Output all of the data exactly as it appears, but leave out any pictures it contains.

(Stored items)
___

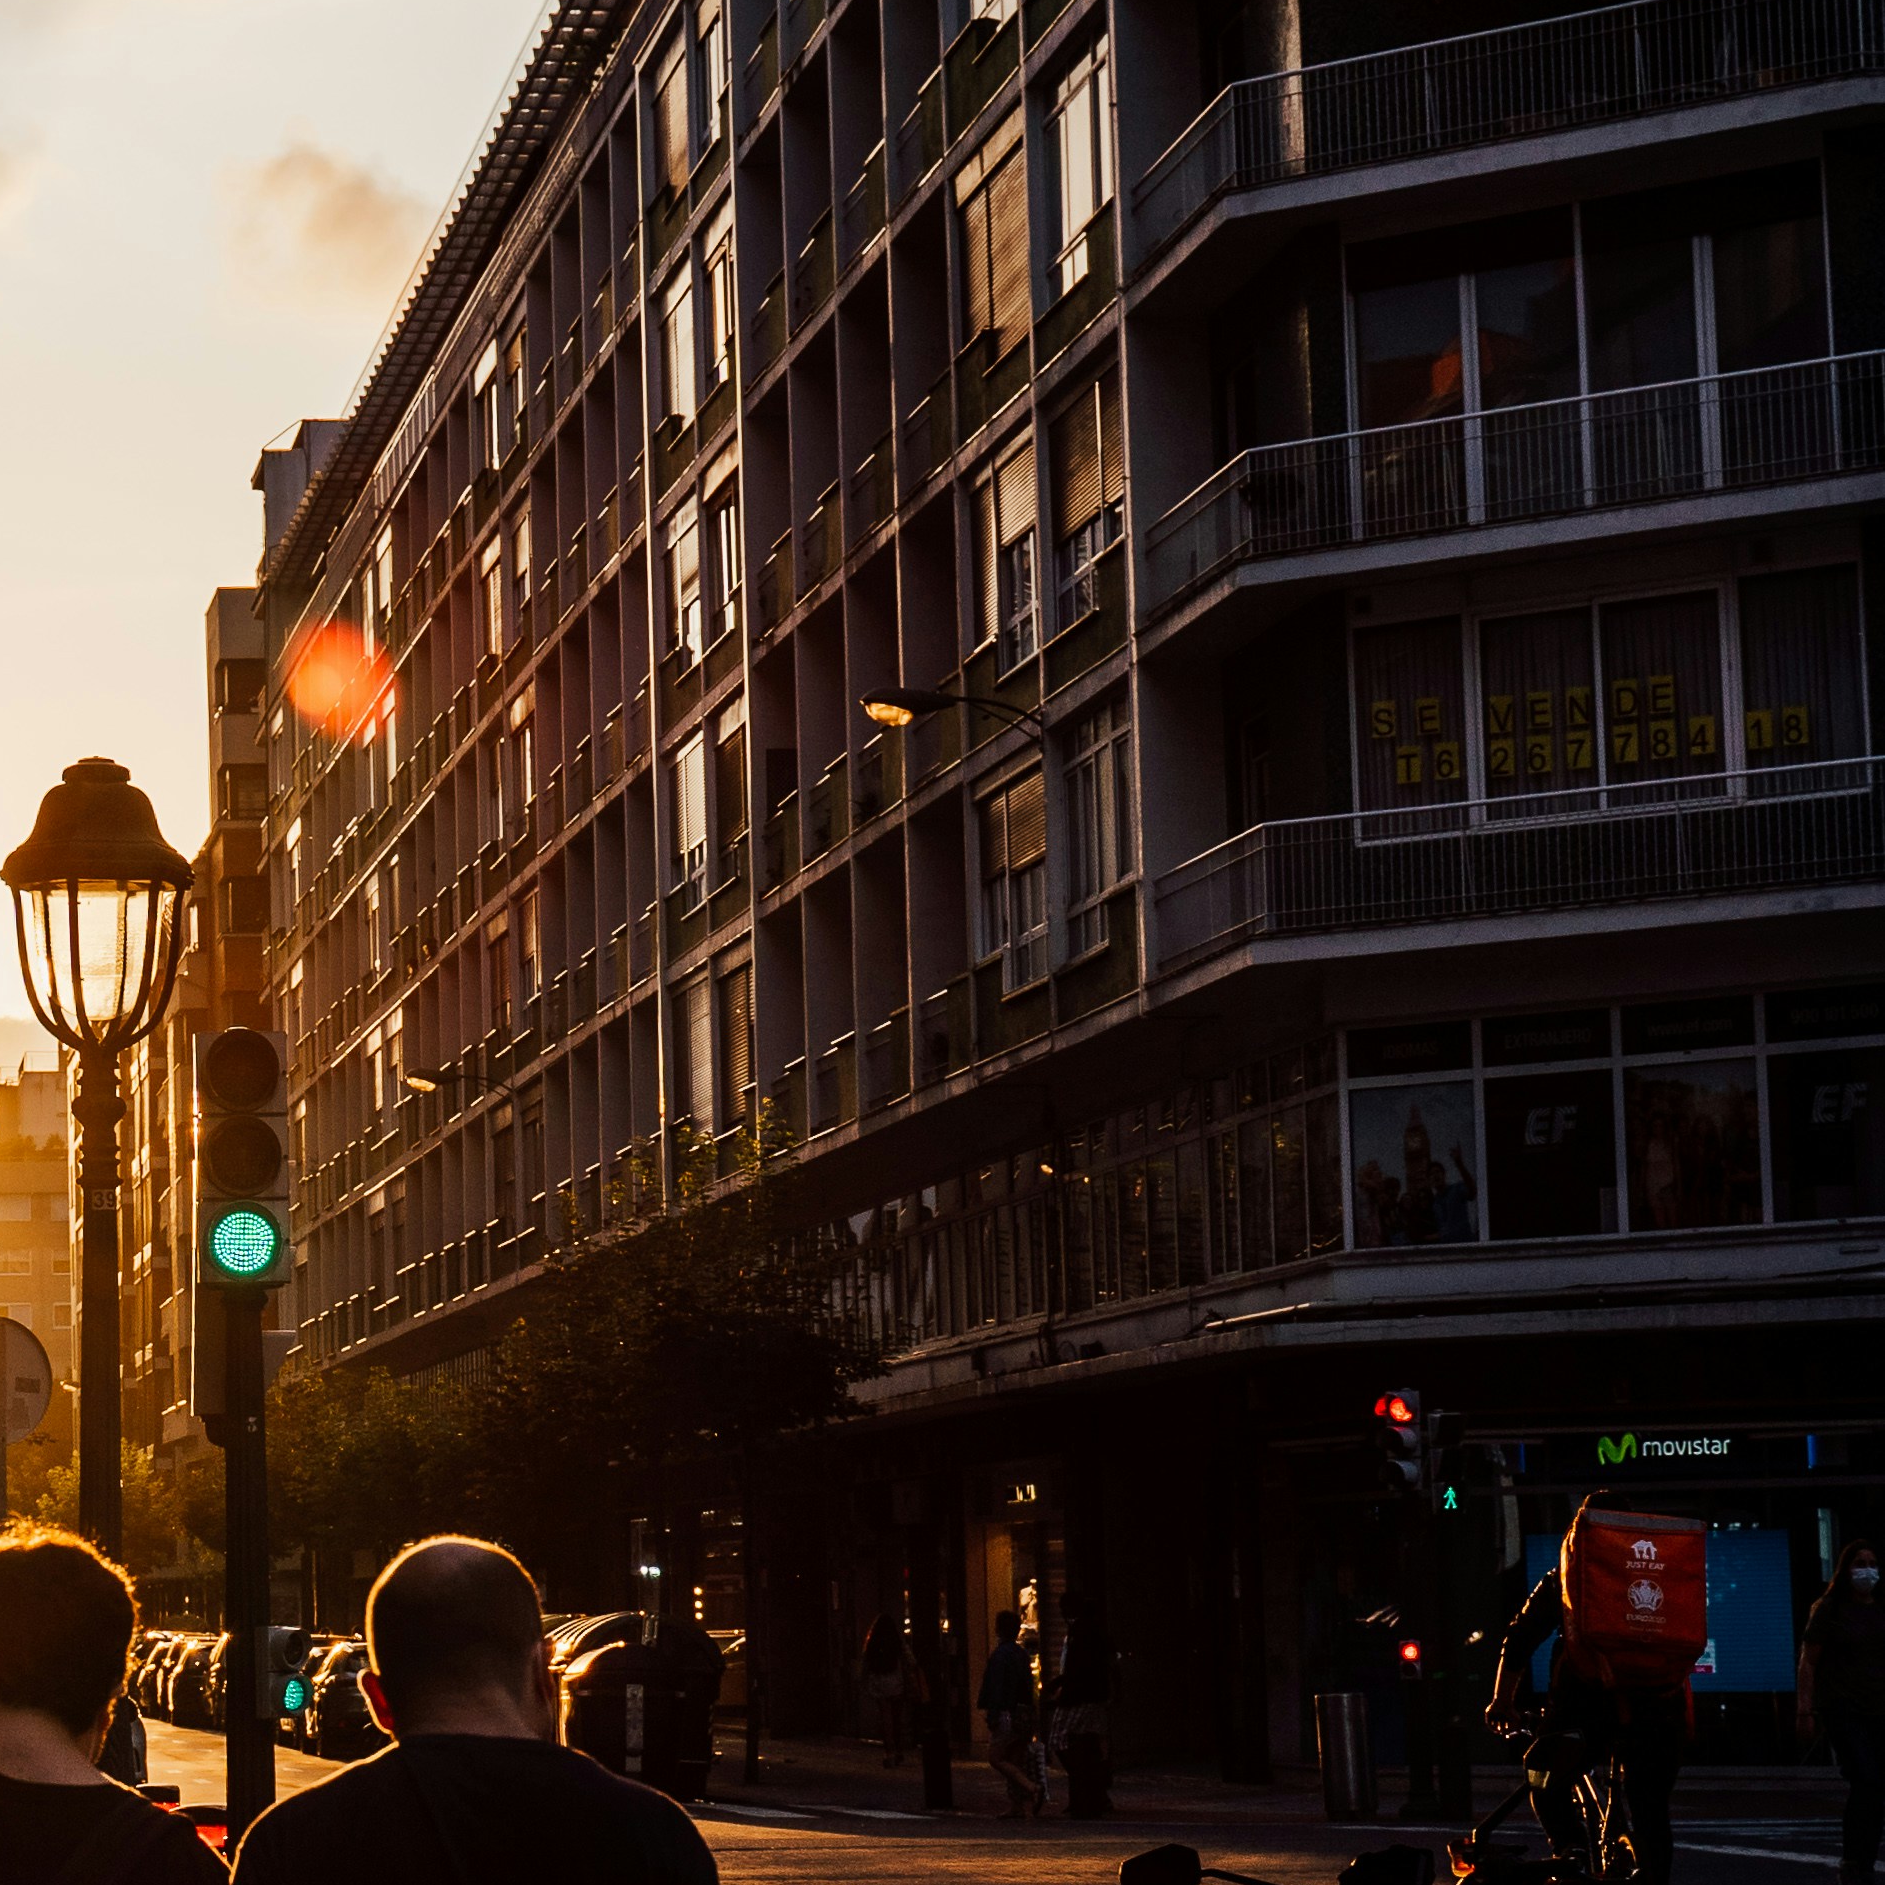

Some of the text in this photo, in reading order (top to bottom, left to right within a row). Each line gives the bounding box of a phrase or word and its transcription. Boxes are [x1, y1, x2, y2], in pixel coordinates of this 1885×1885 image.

[1373, 680, 1673, 737] SE VENDE
[1382, 1040, 1439, 1060] IDIOMAS
[1504, 1027, 1592, 1051] EXTRANJERO
[1810, 1081, 1874, 1124] EF
[1523, 1106, 1579, 1145] EF
[1642, 1436, 1731, 1457] movistar
[1625, 1560, 1666, 1570] JUST EAT

___

Output of the exercise »
Some of the text in this photo, in reading order (top to bottom, left to right within a row). Each line gives the bounding box of a phrase or word and its transcription. Boxes are [x1, y1, x2, y2], in pixel coordinates of this 1885×1885 image.

[1373, 680, 1673, 737] SE VENDE
[1382, 1040, 1439, 1060] IDIOMAS
[1504, 1027, 1592, 1051] EXTRANJERO
[1810, 1081, 1874, 1124] EF
[1523, 1106, 1579, 1145] EF
[1642, 1436, 1731, 1457] movistar
[1625, 1560, 1666, 1570] JUST EAT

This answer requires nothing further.